Regular High-Level Visiting Scientist, International Guest Academic Talents (IGAT) Program for the Development of University Disciplines in China (111 Program), China (Jan 2008 -- Dec 2017).

Research Directions and Projects

Research can be organized into three principal overlapping directions:

(1) Natural Language Processing / Computational Linguistics / Human Language Technology

Development of sophisticated machine reading, information extraction, parsing, and text analysis technology (relevant publications).
DARPA's programs AIDA, World Modeling, Big Mechanisms, DEFT, and Machine Reading all have the goal to develop NLP and knowledge representation and reasoning techniques for deeper semantic analysis of text and resultant automated learning of domain information. Prof.

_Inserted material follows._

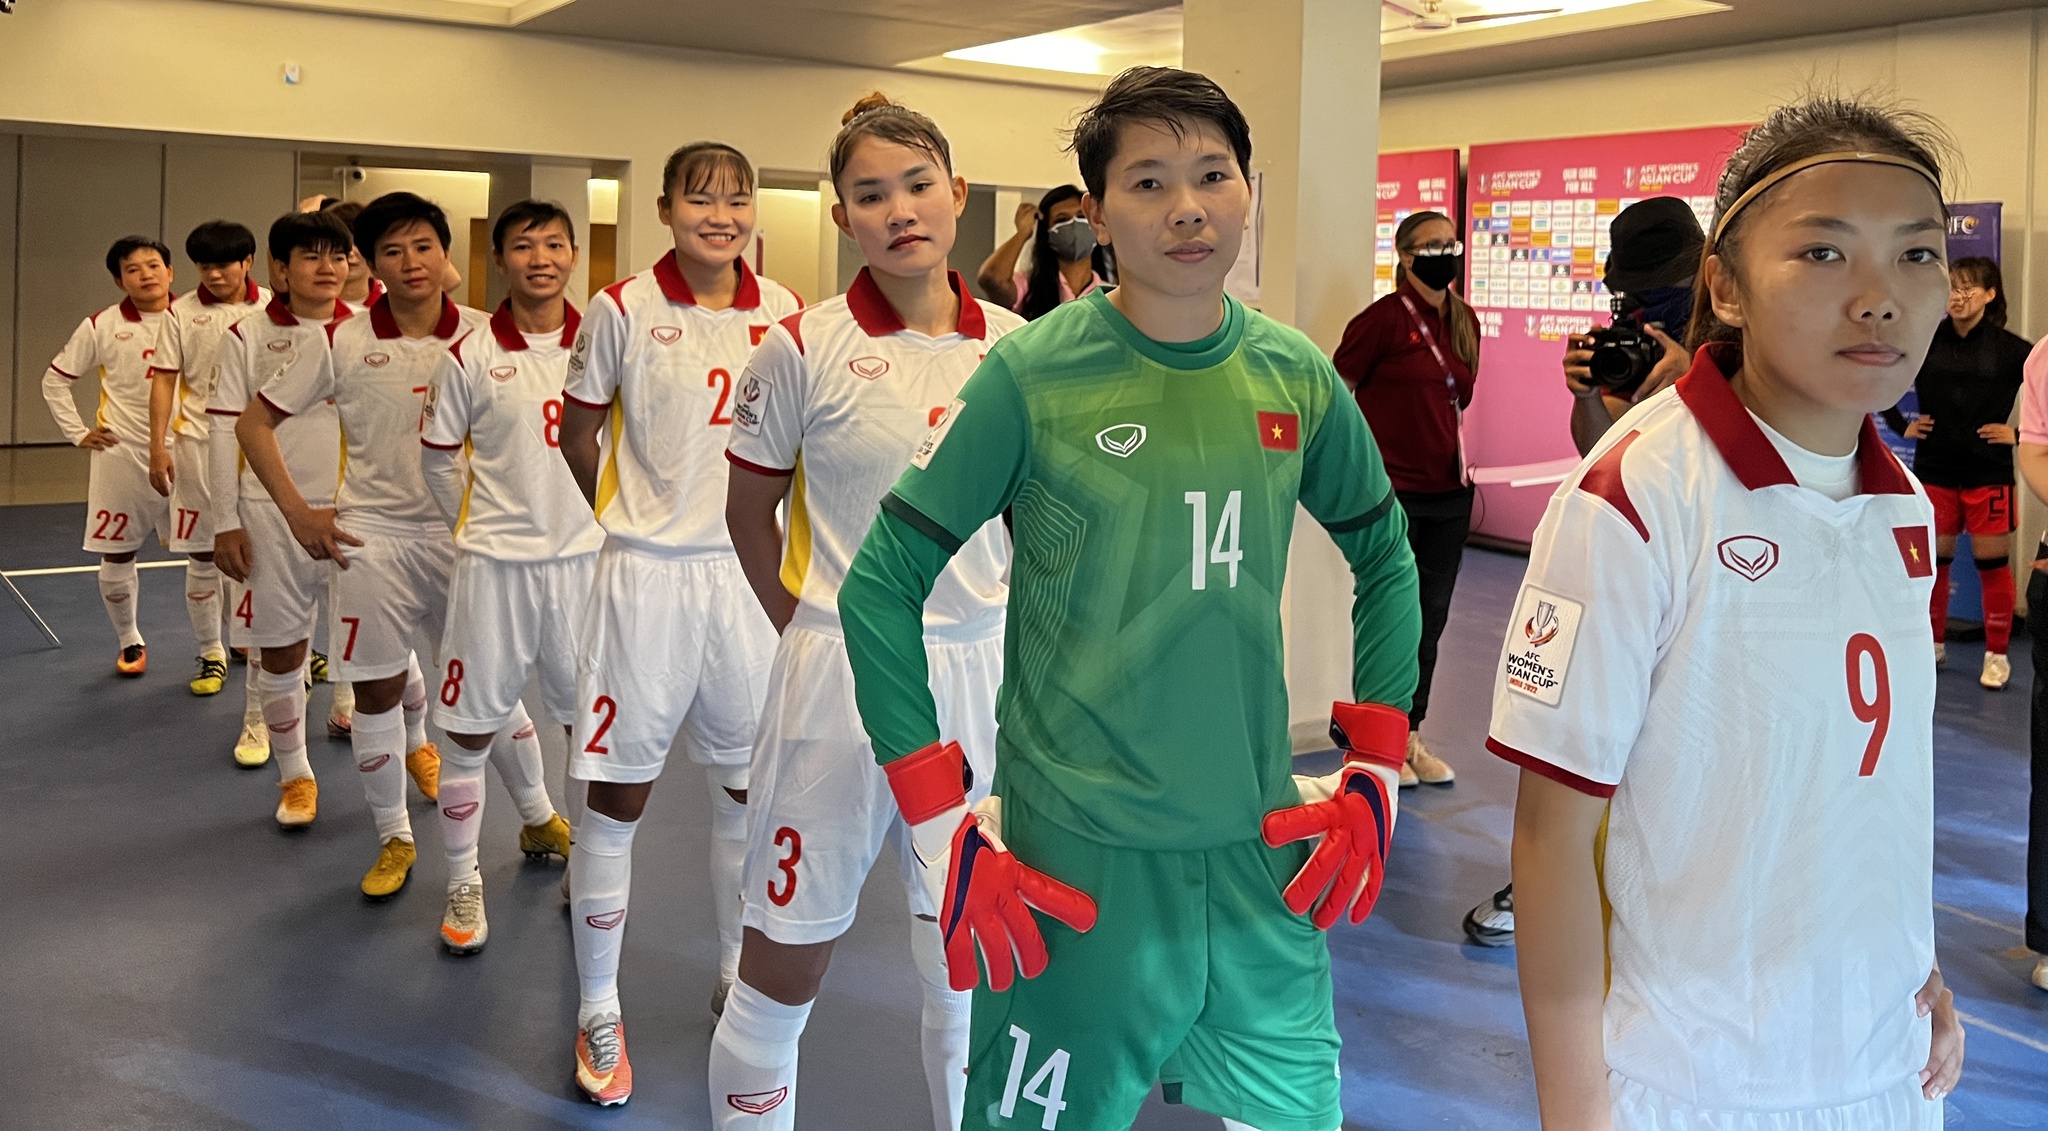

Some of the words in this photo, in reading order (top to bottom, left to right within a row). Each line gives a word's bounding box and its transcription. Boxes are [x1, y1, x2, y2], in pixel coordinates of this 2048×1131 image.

Hovy leads or has led the following projects: OPERA (AIDA Program, 2018--, domain: automated hypothesis formation and reasoning based on multilingual news and reports); STORM/SOFIA (World Modelers Program, 2017--, domain: reading to help construct in-depth causal models of world situations) as part of the STORM project headed by researchers at the University of Pittsburgh; RUBICON (Big Mechanism program, 2014--2017, domain: research articles on cancer), which includes researchers at Carnegie Mellon University (CMU), the University of Southern California's Information Sciences Institute (USC/ISI), and Elsevier Inc.; SAFT (Semantic Analysis and Filtering of Text) (DEFT program, 2012--2015, domain: news articles and reports on violent and legal events), which includes researchers at CMU and USC/ISI; from 2008--12, Prof. Hovy's groups participated in two of DARPA's MRP teams: RACR (headed by IBM, the team that developed the Watson QA game-playing engine) and ERUDITE (headed by BBN; the OntoNotes corpus was developed as part of this project); the SASO (2004--11) and MRE (2001--04) projects at the Institute of Creative Technology of the University of Southern California developed virtual humans in virtual reality simulations, employing text-to-semantics parsers and opposite-direction generators developed by Prof. Hovy and students.

Development of text analytics systems and approaches in various domains. One example is Future of Work, a project with Lee Branstetter of CMU that attempts to quantify the effect of Artificial Intelligence developments on the economies of the US (and later, other countries) by identifying all AI-related patents and analyzing how they affect the workforce of the corporations that develop and/or employ the patents; another is the AI in the Auditing Process project, working with auditors at PriceWaterhouseCoopers and Pierre Liang to employ NLP and AI methods in support of corporate auditing procedures.

Development of automated question answering systems (relevant publications).
Associated with the above are several QA systems developed at ISI, such as Textmap and Webclopedia (with Dr. Daniel Marcu, Dr. Ulf Hermjakob, Dr. Chin-Yew Lin, and others). This work employed information retrieval, clustering, text summarization, parsing, and text harvesting methods described elsewhere.

Development of automated text summarization systems and automated summarization evaluation theory and technology (relevant publications).
Summarization engines developed by Prof. Hovy, Dr. Chin-Yew Lin, and others at ISI include SUMMARIST (single documents), NeATS (multiple documents), and GOSP (producing headlines). Summarization was used in multilingual text access and management systems such as C*ST*RD and MuST. Summarization evaluation systems include ROUGE (2003--04) developed by Dr. Chin-Yew Lin of ISI with Prof. Hovy, and the BE package (2005--08) developed by Dr. Stephen Tratz and Prof. Hovy.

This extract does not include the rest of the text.